7.3.1.  Finding an Account URL Given a Key

   If the server receives a newAccount request signed with a key for
   which it already has an account registered with the provided account
   key, then it MUST return a response with status code 200 (OK) and
   provide the URL of that account in the Location header field.  The
Top   ToC   Page 37
   body of this response represents the account object as it existed on
   the server before this request; any fields in the request object MUST
   be ignored.  This allows a client that has an account key but not the
   corresponding account URL to recover the account URL.
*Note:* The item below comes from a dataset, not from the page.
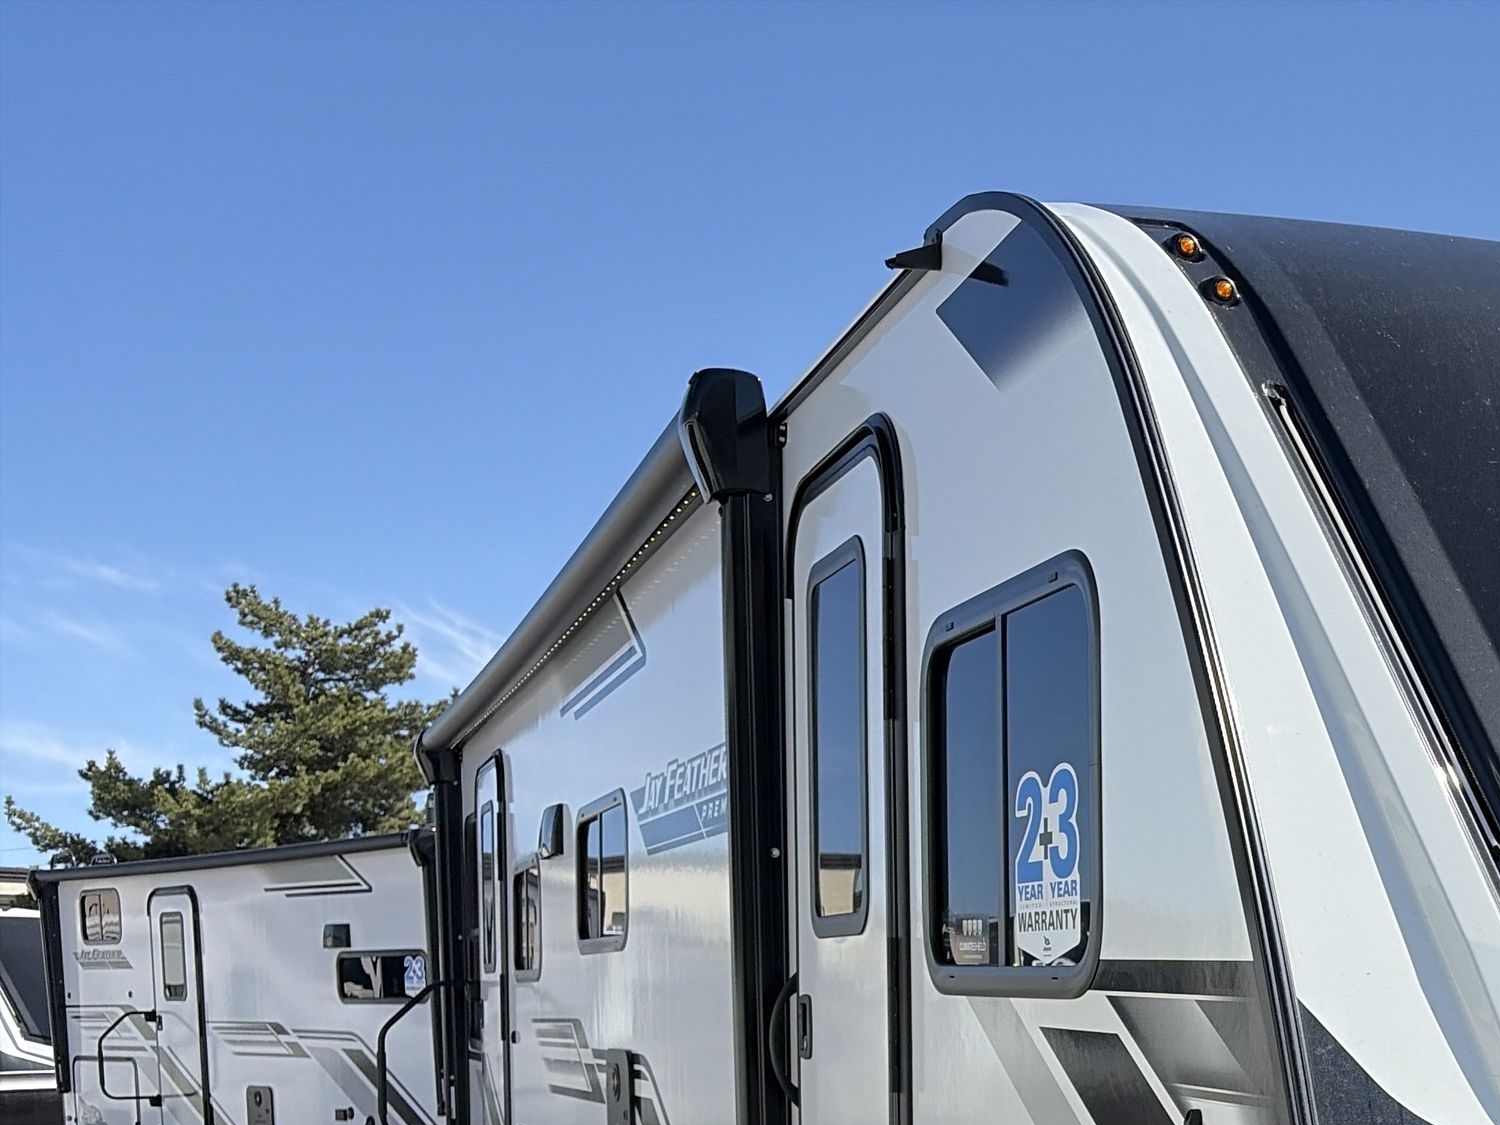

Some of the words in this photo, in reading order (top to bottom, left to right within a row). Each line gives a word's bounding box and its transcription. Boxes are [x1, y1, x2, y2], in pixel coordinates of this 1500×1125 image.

   If a client wishes to find the URL for an existing account and does
   not want an account to be created if one does not already exist, then
   it SHOULD do so by sending a POST request to the newAccount URL with
   a JWS whose payload has an "onlyReturnExisting" field set to "true"
   ({"onlyReturnExisting": true}).  If a client sends such a request and
   an account does not exist, then the server MUST return an error
   response with status code 400 (Bad Request) and type
   "urn:ietf:params:acme:error:accountDoesNotExist".

7.3.2.  Account Update

   If the client wishes to update this information in the future, it
   sends a POST request with updated information to the account URL.
   The server MUST ignore any updates to the "orders" field,
   "termsOfServiceAgreed" field (see Section 7.3.3), the "status" field
   (except as allowed by Section 7.3.6), or any other fields it does not
   recognize.  If the server accepts the update, it MUST return a
   response with a 200 (OK) status code and the resulting account
   object.

   For example, to update the contact information in the above account,
   the client could send the following request:

   POST /acme/acct/evOfKhNU60wg HTTP/1.1
   Host: example.com
   Content-Type: application/jose+json

   {
     "protected": base64url({
       "alg": "ES256",
       "kid": "https://example.com/acme/acct/evOfKhNU60wg",
       "nonce": "ax5RnthDqp_Yf4_HZnFLmA",
       "url": "https://example.com/acme/acct/evOfKhNU60wg"
     }),
     "payload": base64url({
       "contact": [
         "mailto:certificates@example.org",
         "mailto:admin@example.org"
       ]
     }),
     "signature": "hDXzvcj8T6fbFbmn...rDzXzzvzpRy64N0o"
   }
Top   ToC   Page 38
7.3.3.  Changes of Terms of Service

   As described above, a client can indicate its agreement with the CA's
   terms of service by setting the "termsOfServiceAgreed" field in its
   account object to "true".

   If the server has changed its terms of service since a client
   initially agreed, and the server is unwilling to process a request
   without explicit agreement to the new terms, then it MUST return an
   error response with status code 403 (Forbidden) and type
   "urn:ietf:params:acme:error:userActionRequired".  This response MUST
   include a Link header field with link relation "terms-of-service" and
   the latest terms-of-service URL.

   The problem document returned with the error MUST also include an
   "instance" field, indicating a URL that the client should direct a
   human user to visit in order for instructions on how to agree to the
   terms.

 HTTP/1.1 403 Forbidden
 Replay-Nonce: T81bdZroZ2ITWSondpTmAw
 Link: <https://example.com/acme/directory>;rel="index"
 Link: <https://example.com/acme/terms/2017-6-02>;rel="terms-of-service"
 Content-Type: application/problem+json
 Content-Language: en

 {
   "type": "urn:ietf:params:acme:error:userActionRequired",
   "detail": "Terms of service have changed",
   "instance": "https://example.com/acme/agreement/?token=W8Ih3PswD-8"
 }

7.3.4.  External Account Binding

   The server MAY require a value for the "externalAccountBinding" field
   to be present in "newAccount" requests.  This can be used to
   associate an ACME account with an existing account in a non-ACME
   system, such as a CA customer database.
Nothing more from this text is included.